5. A Herança da Minha Vó
“Todo mundo tem uma avó. Ficamos imaginando aquela vó que morre e só deixa umas besteiras e um cachorro. Antes tínhamos gravado “Ladrão Besta, Ladrão Sabido” que vendeu 300 mil cópias.”

6. Tô Doidin
“Essa é uma regravação da música de Roberto e Meirinho. É um forró clássico. Gravamos no estúdio Maracaí, em São Paulo.”

7. Beijo no Escuro
Xote que brinca com a sonoridade dos anos 60/70. Um mix de solo de órgão com sanfona.

8. Coco do Trava-Língua
Um dueto alucinado com as palavras, no estilo de Mozinho e Cachimbinho, da Paraíba.

9. Menina Diet
“Não tem agora essas meninas de Malhação, que só querem malhar, não bebem, não fumam, só querem ficar magrinhas? É isso.”

10. Em Frente À Casa Dela
Xote para dançar agarradinho. “É bem no estilo de “Esperando na Janela”, do Gil”.

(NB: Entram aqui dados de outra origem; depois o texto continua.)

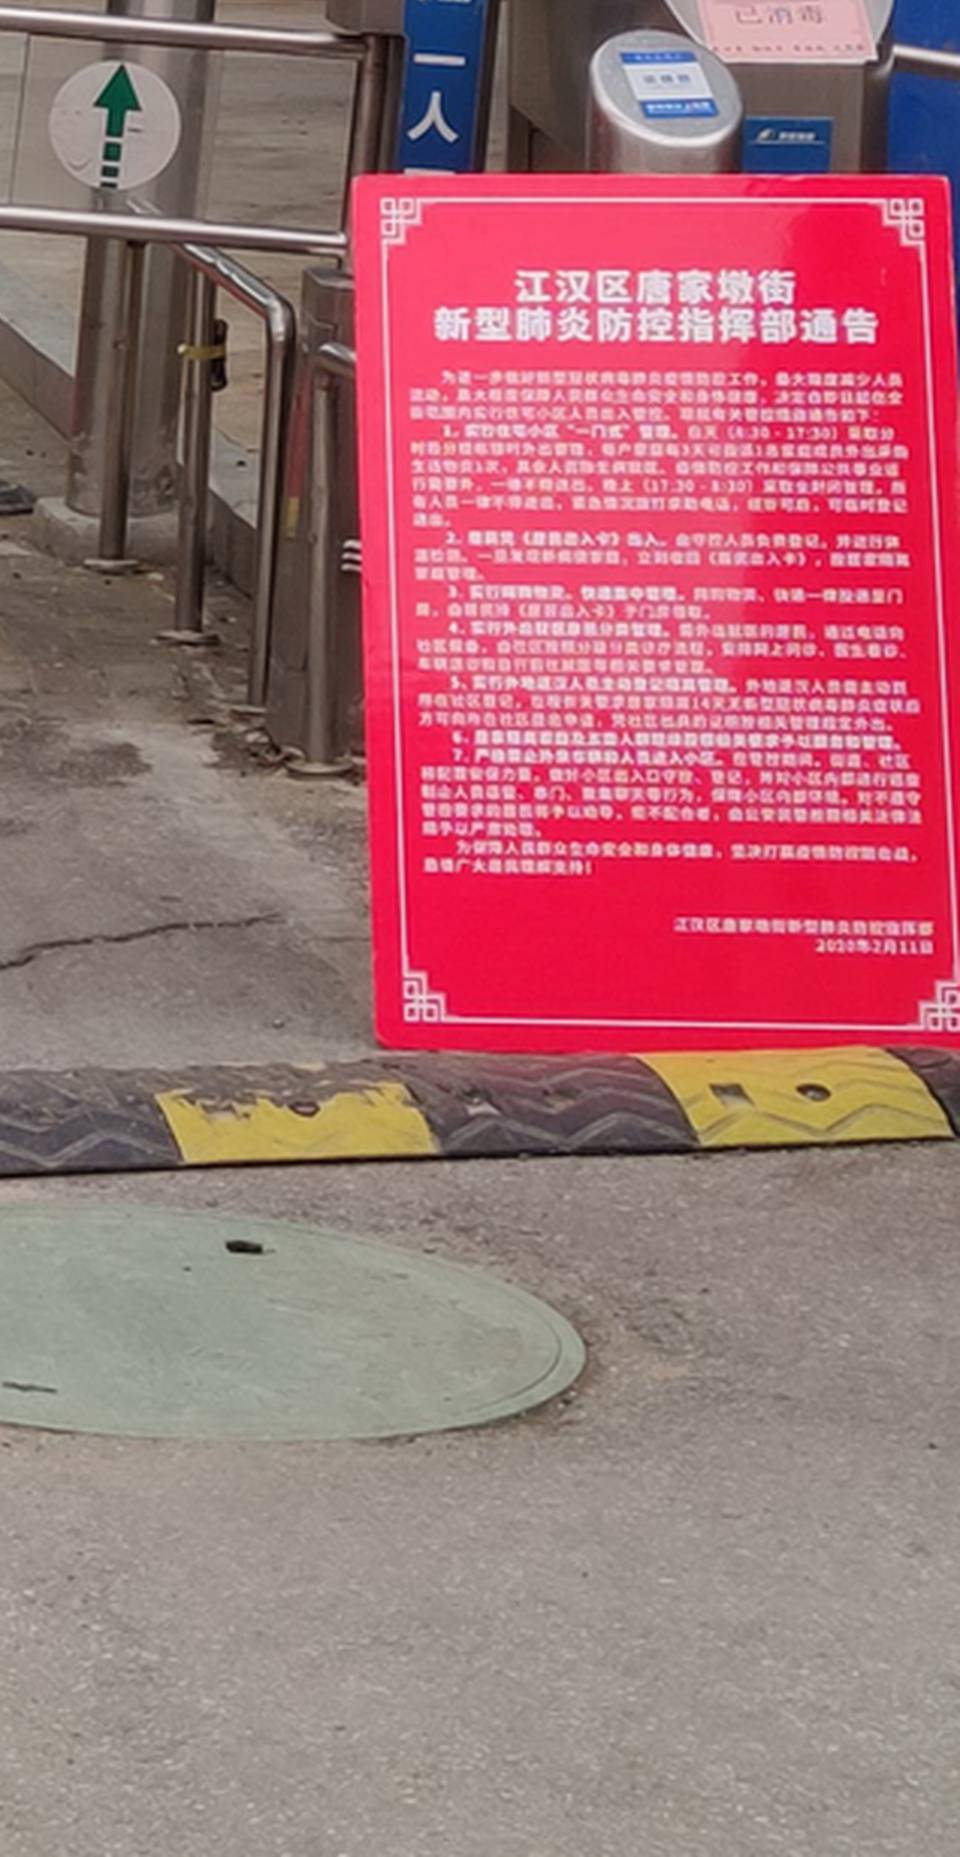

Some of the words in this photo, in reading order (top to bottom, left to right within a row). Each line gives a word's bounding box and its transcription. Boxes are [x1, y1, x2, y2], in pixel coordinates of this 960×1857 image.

11. Corinthians X São Paulo
A estréia de Cajuzinho como compositor. Corintiano roxo, Castanha avacalha com o São Paulo, defendido por Cajuzinho. Todos os discos da dupla trazem um desafio futebolístico, como o “Desafio Fla-Flu”, em “Vindo Lá da Lagoa”.

12. A Luz da Lua
“Fiz essa música há 13 anos, quando morava em São Paulo. Eu estava no bairro de Santo Amaro, peguei a viola e comecei a cantar a saudade de casa.”

13. Embolada do C
“Fiz essa música em Recife. Eu mandei cavar um poço no meu pedaço, em Casa Amarela e foi todo mundo pegar água com as latas na cabeça, os amigos, meus filhos, o filho do Caju, e todo mundo participou.”

14. Desafio de Caju e Castanha
“Todo ano a gente faz um desafio nos discos. É um repente.”

15. Caju, um Guerreiro
“É uma homenagem ao meu irmão. Ele estava na UTI, em São Paulo, eram 4h da manhã e eu, em Recife, pensava: porque ele vai embora assim tão novo? Quando ele piorava aqui, eu sentia lá. Aí fiz a música.”